Uncontrolled memory allocation in cbor_load() allows a small crafted CBOR input (as few as 5 bytes) to trigger allocation of gigabytes of memory, causing denial of service.

Vulnerability Details

• Type: Uncontrolled Resource Consumption (CWE-400)
• Severity: Medium
• Location: src/cbor/arrays.c line 105, src/cbor/maps.c (similar), triggered via src/cbor/internal/builder_callbacks.c lines 298 and 324
• Affected versions: All versions up to and including current master

Description

When cbor_load() processes a definite-length array or map, it pre-allocates memory for all declared elements without any upper bound check.
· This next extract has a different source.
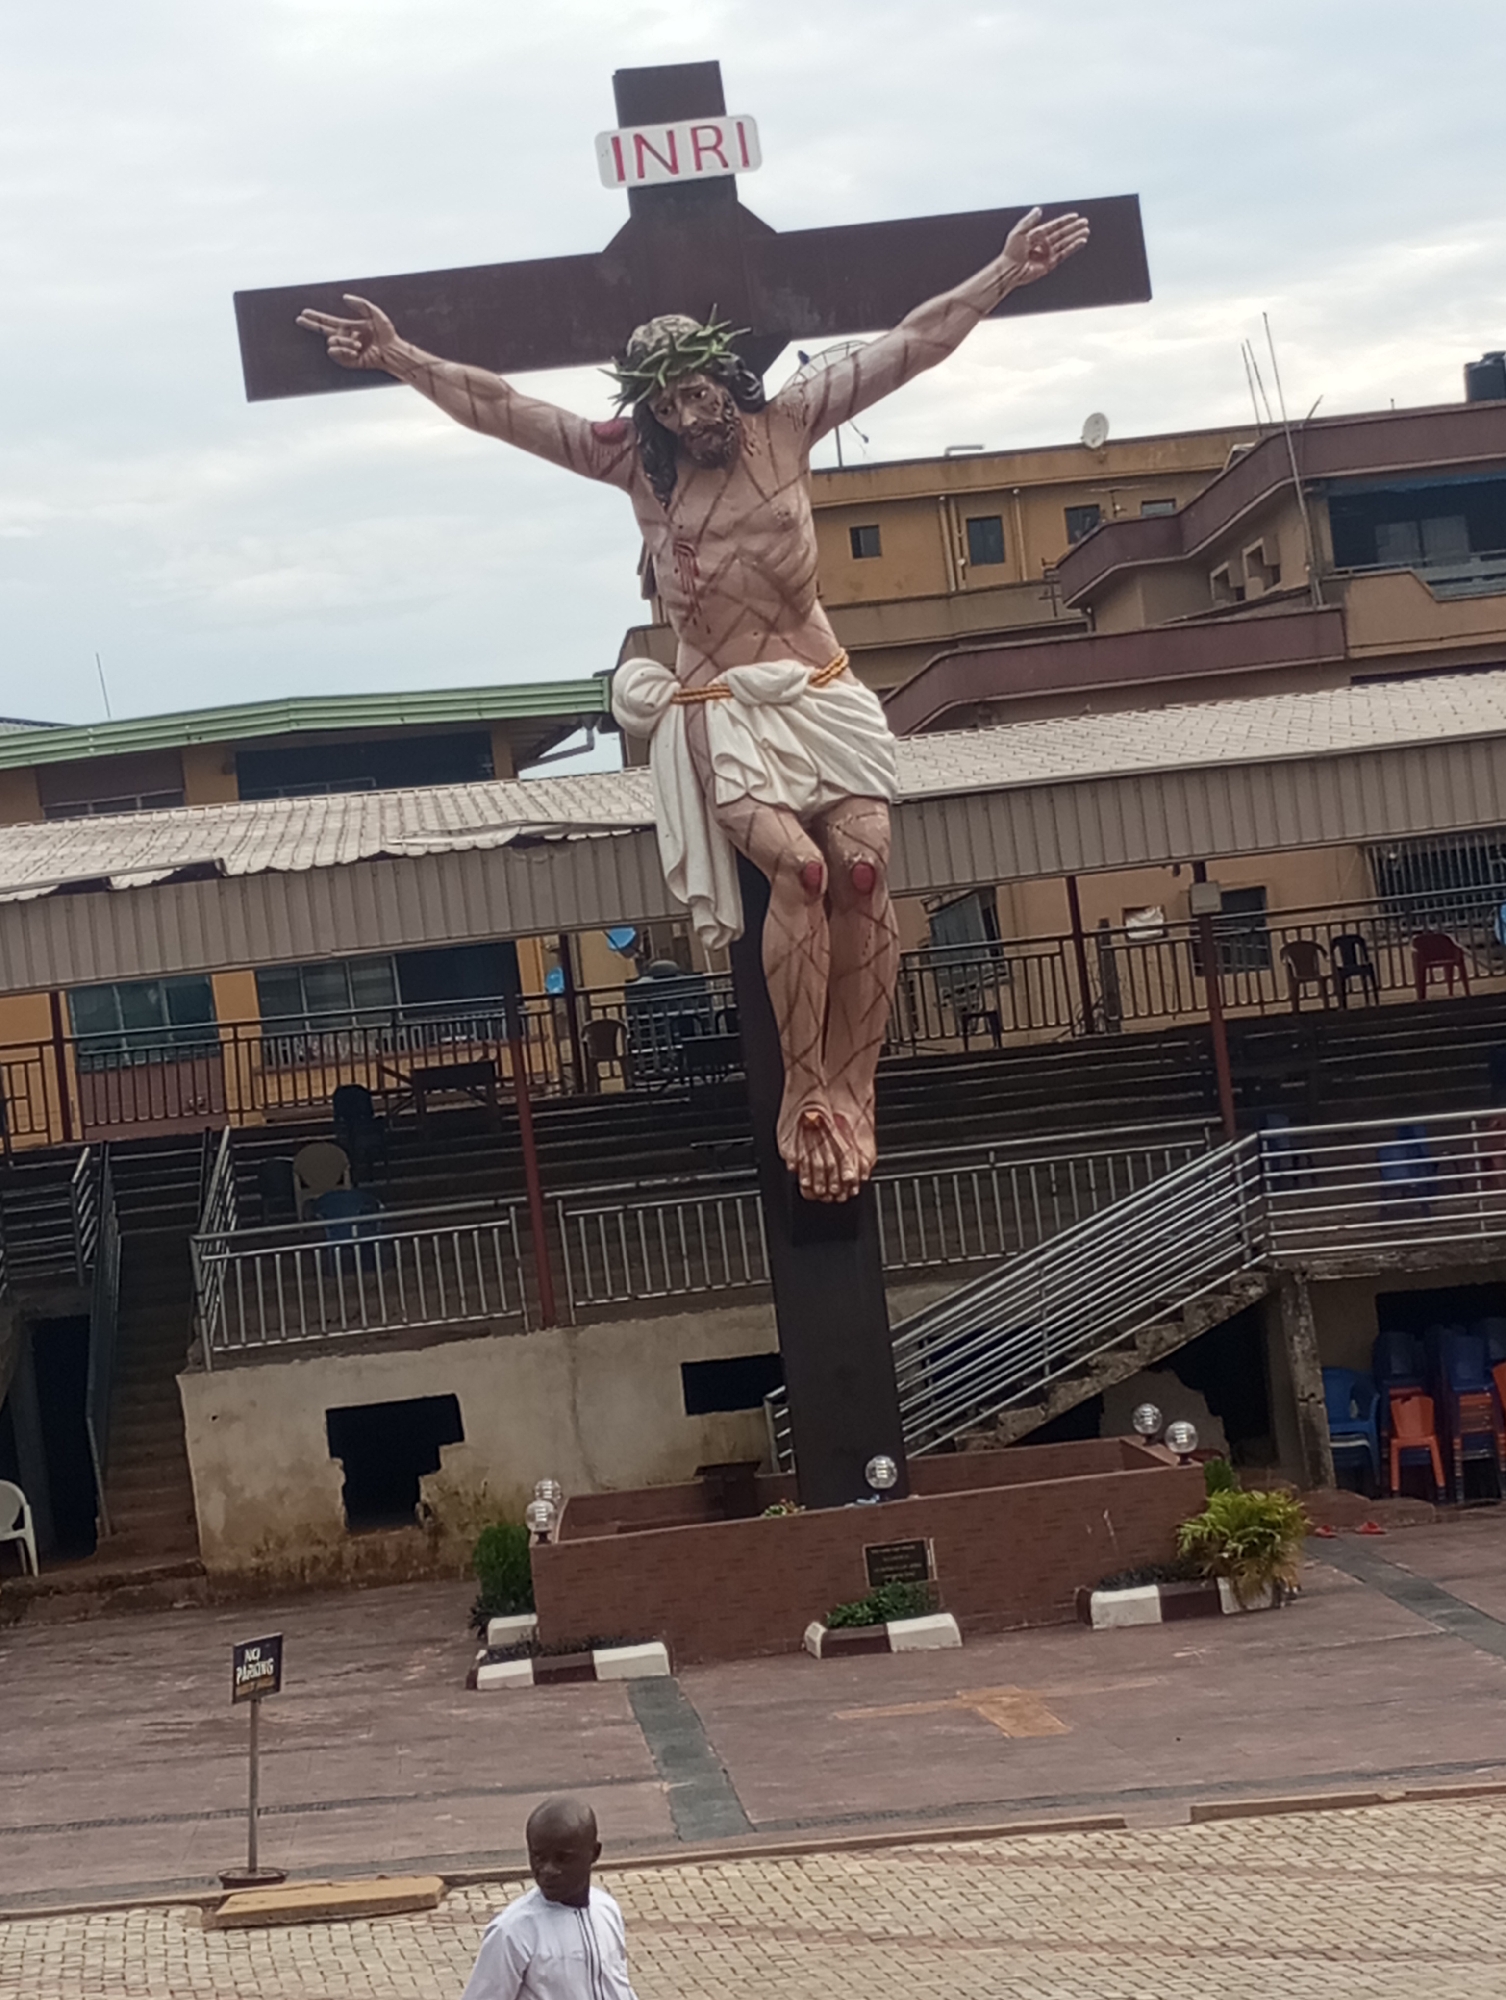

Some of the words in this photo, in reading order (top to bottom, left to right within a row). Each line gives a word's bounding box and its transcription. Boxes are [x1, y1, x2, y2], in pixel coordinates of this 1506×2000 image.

[611, 121, 750, 182] INRI
[245, 1647, 261, 1663] NO
[236, 1658, 274, 1685] PARKING
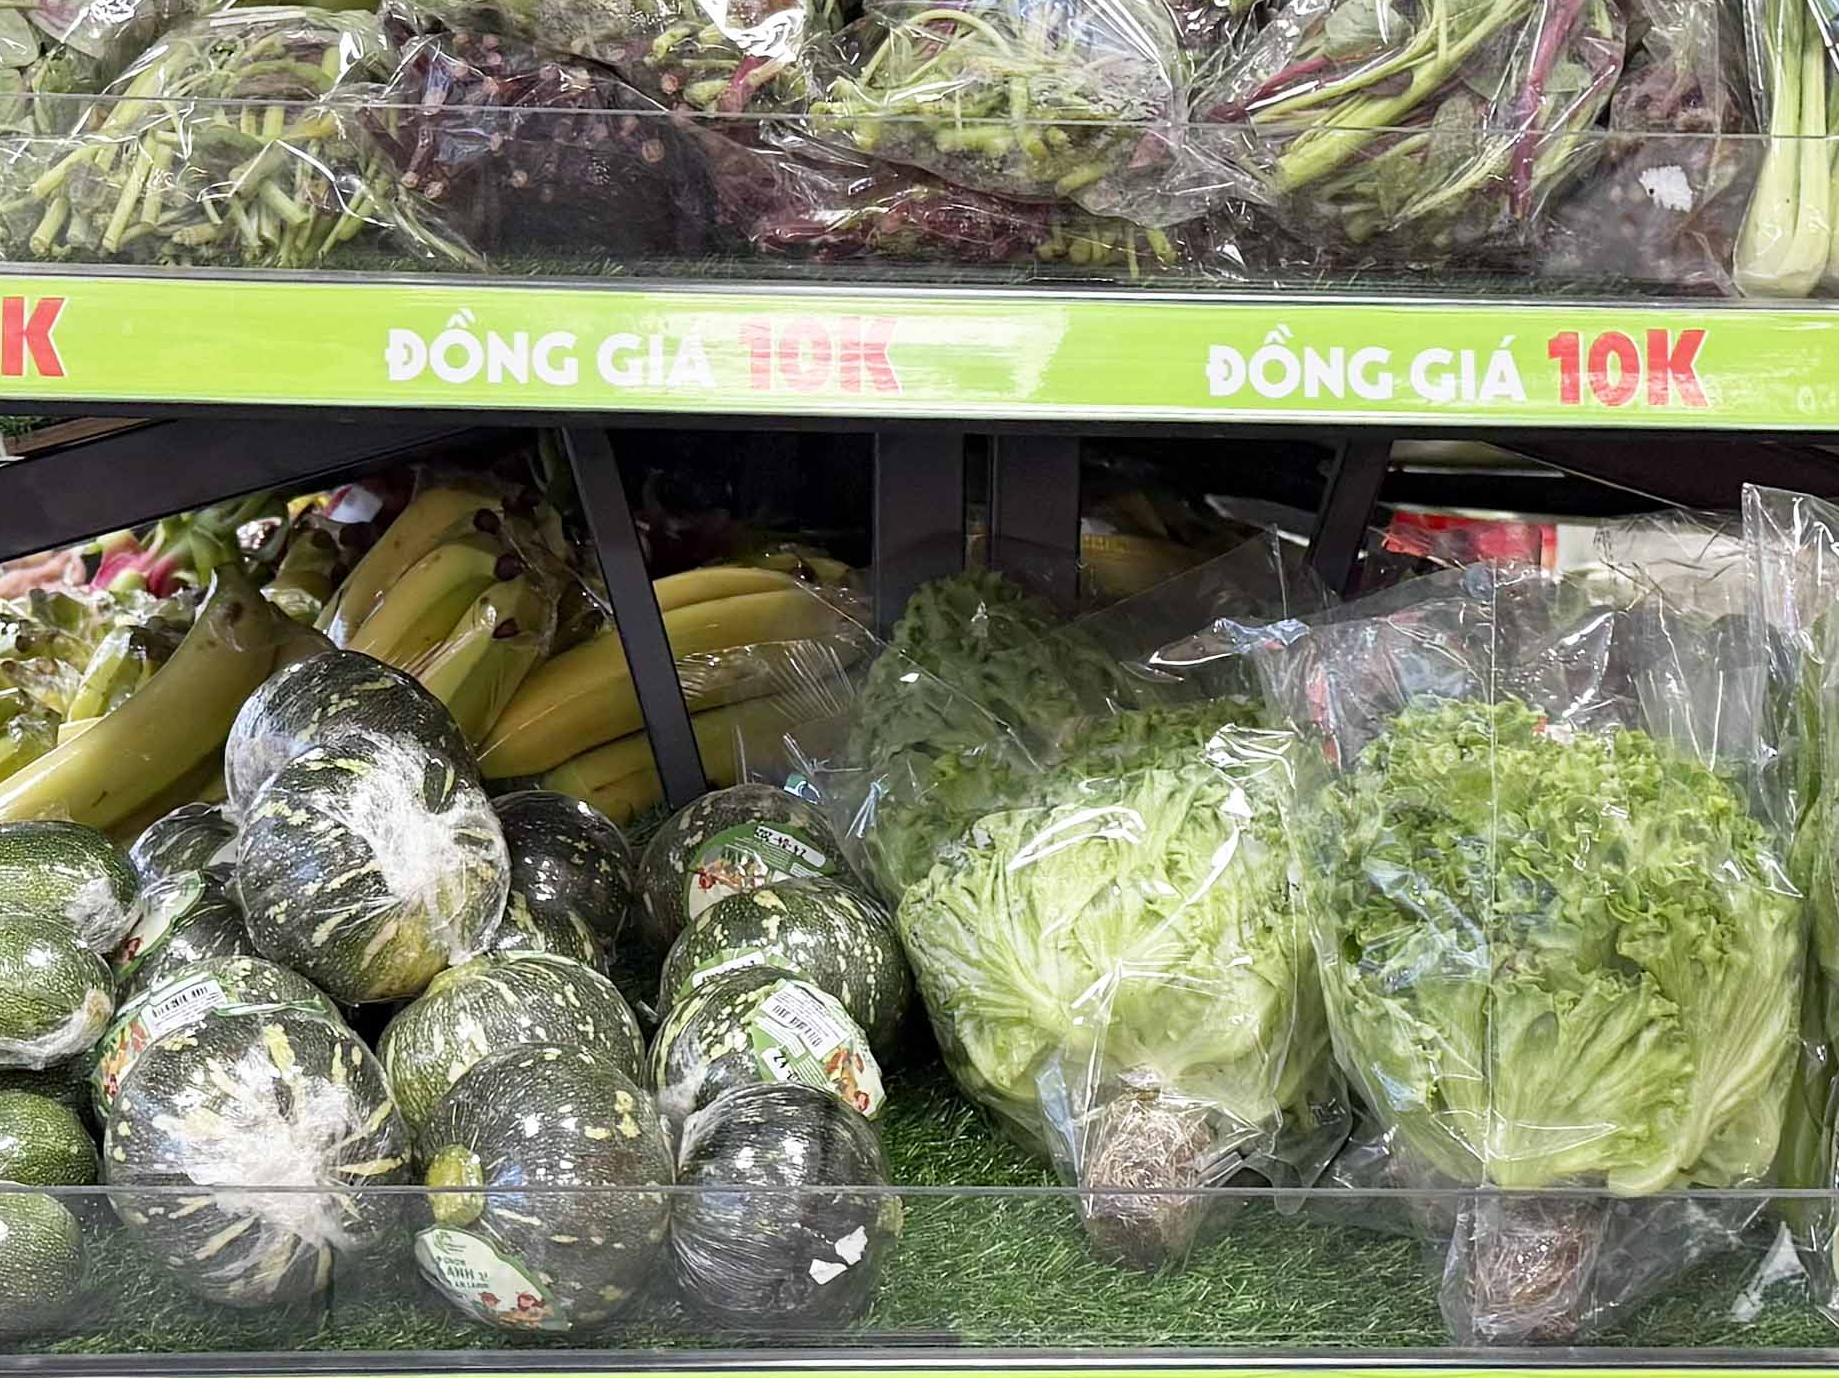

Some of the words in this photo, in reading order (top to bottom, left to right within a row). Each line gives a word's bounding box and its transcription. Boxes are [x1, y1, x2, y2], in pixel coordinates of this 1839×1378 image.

The CBOR format allows declaring up to 2^64 - 1 elements in just 9 bytes of header.

In builder_callbacks.c:

void cbor_builder_array_start_callback(void* context, uint64_t size) {
  CHECK_LENGTH(ctx, size);
  cbor_item_t* res = cbor_new_definite_array(size);  // allocates size * 8 bytes

In arrays.c:

cbor_item_t* cbor_new_definite_array(size_t size) {
  cbor_item_t** data = _cbor_alloc_multiple(sizeof(cbor_item_t*), size);
  // No upper bound on size — allocates size * sizeof(pointer) bytes

CHECK_LENGTH only ensures the value fits in size_t, not that the resulting allocation is reasonable.

Impact

• 5-byte input \x9a\x11\x27\x00\x00 declares an array of ~287 million elements, attempting to allocate ~2.3 GB
• 9-byte input can request allocation up to 128 GB (on 64-bit systems)
• Denial of service for any application parsing untrusted CBOR data via cbor_load()
• Confirmed via fuzzing: 4 distinct OOM crashes found within seconds

Proof of Concept

OOM-triggering inputs (hex):

9a11270000          — array(0x11270000) = ~287M elements → ~2.3 GB allocation
9abb939390ff        — nested arrays triggering cascading allocations

Suggested Fix

Add a configurable maximum allocation limit, similar to how other parsers handle this:

// Option 1: Add a compile-time limit
#ifndef CBOR_MAX_DEFINITE_ITEMS
#define CBOR_MAX_DEFINITE_ITEMS (1024 * 1024)  // 1M items
#endif

void cbor_builder_array_start_callback(void* context, uint64_t size) {
  CHECK_LENGTH(ctx, size);
  if (size > CBOR_MAX_DEFINITE_ITEMS) {
    ctx->creation_failed = true;
    return;
  }
  // ... proceed with allocation

Or provide a runtime-configurable limit via the decoder context.

Affected Version

Tested on latest master commit. All prior versions likely affected.